## About this exercise
In the records below, locate the line containing "this 1919×1440 image.", then extract it and all following lines exactly, ending with the last line.

[Phrase grounding data]
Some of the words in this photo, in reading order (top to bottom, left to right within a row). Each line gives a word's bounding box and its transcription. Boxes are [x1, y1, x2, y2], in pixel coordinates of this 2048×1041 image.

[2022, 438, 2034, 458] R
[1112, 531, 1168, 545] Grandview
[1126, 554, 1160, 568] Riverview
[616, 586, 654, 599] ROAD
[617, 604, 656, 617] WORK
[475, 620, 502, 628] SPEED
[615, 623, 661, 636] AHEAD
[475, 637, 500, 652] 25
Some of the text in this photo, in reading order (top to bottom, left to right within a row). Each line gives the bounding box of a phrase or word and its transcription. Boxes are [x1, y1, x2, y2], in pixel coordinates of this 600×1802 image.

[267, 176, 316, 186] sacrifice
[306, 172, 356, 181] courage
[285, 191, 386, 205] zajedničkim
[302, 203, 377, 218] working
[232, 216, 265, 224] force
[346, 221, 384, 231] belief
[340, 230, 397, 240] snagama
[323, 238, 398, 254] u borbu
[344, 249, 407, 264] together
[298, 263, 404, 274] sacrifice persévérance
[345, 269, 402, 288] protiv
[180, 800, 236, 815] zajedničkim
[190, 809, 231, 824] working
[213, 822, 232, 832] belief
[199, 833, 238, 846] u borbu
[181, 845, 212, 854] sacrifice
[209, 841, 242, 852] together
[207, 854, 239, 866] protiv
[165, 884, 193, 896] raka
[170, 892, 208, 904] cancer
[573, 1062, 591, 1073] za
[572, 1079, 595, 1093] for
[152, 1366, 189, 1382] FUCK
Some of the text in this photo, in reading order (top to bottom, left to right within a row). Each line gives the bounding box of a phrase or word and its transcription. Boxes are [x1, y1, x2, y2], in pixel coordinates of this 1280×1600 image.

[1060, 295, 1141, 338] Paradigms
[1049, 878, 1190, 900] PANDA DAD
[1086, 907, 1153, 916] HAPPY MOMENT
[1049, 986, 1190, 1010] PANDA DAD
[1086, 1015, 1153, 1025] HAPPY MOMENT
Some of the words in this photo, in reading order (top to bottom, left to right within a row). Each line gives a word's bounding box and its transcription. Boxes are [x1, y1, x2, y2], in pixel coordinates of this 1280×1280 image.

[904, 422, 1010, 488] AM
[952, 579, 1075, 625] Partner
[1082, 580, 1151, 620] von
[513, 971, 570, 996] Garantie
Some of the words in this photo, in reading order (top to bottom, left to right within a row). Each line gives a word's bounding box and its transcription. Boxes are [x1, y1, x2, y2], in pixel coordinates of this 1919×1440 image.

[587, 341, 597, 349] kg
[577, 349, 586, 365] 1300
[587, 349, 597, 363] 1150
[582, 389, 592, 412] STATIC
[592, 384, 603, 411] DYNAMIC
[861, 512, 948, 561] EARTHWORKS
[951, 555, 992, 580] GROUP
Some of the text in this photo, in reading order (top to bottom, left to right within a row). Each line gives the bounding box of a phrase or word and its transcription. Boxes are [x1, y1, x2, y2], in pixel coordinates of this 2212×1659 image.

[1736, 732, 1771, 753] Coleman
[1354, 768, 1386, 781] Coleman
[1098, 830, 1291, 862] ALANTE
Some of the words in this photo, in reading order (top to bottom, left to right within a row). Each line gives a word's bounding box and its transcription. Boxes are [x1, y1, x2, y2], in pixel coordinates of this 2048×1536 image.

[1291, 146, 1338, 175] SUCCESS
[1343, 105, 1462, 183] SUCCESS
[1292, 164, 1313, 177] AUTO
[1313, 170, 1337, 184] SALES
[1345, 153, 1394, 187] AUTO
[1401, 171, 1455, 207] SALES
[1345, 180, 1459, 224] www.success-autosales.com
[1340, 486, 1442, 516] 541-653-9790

## Output for this task
Some of the words in this photo, in reading order (top to bottom, left to right within a row). Each line gives a word's bounding box and its transcription. Boxes are [x1, y1, x2, y2], in pixel coordinates of this 1919×1440 image.

[587, 341, 597, 349] kg
[577, 349, 586, 365] 1300
[587, 349, 597, 363] 1150
[582, 389, 592, 412] STATIC
[592, 384, 603, 411] DYNAMIC
[861, 512, 948, 561] EARTHWORKS
[951, 555, 992, 580] GROUP
Some of the text in this photo, in reading order (top to bottom, left to right within a row). Each line gives the bounding box of a phrase or word and its transcription. Boxes are [x1, y1, x2, y2], in pixel coordinates of this 2212×1659 image.

[1736, 732, 1771, 753] Coleman
[1354, 768, 1386, 781] Coleman
[1098, 830, 1291, 862] ALANTE
Some of the words in this photo, in reading order (top to bottom, left to right within a row). Each line gives a word's bounding box and its transcription. Boxes are [x1, y1, x2, y2], in pixel coordinates of this 2048×1536 image.

[1291, 146, 1338, 175] SUCCESS
[1343, 105, 1462, 183] SUCCESS
[1292, 164, 1313, 177] AUTO
[1313, 170, 1337, 184] SALES
[1345, 153, 1394, 187] AUTO
[1401, 171, 1455, 207] SALES
[1345, 180, 1459, 224] www.success-autosales.com
[1340, 486, 1442, 516] 541-653-9790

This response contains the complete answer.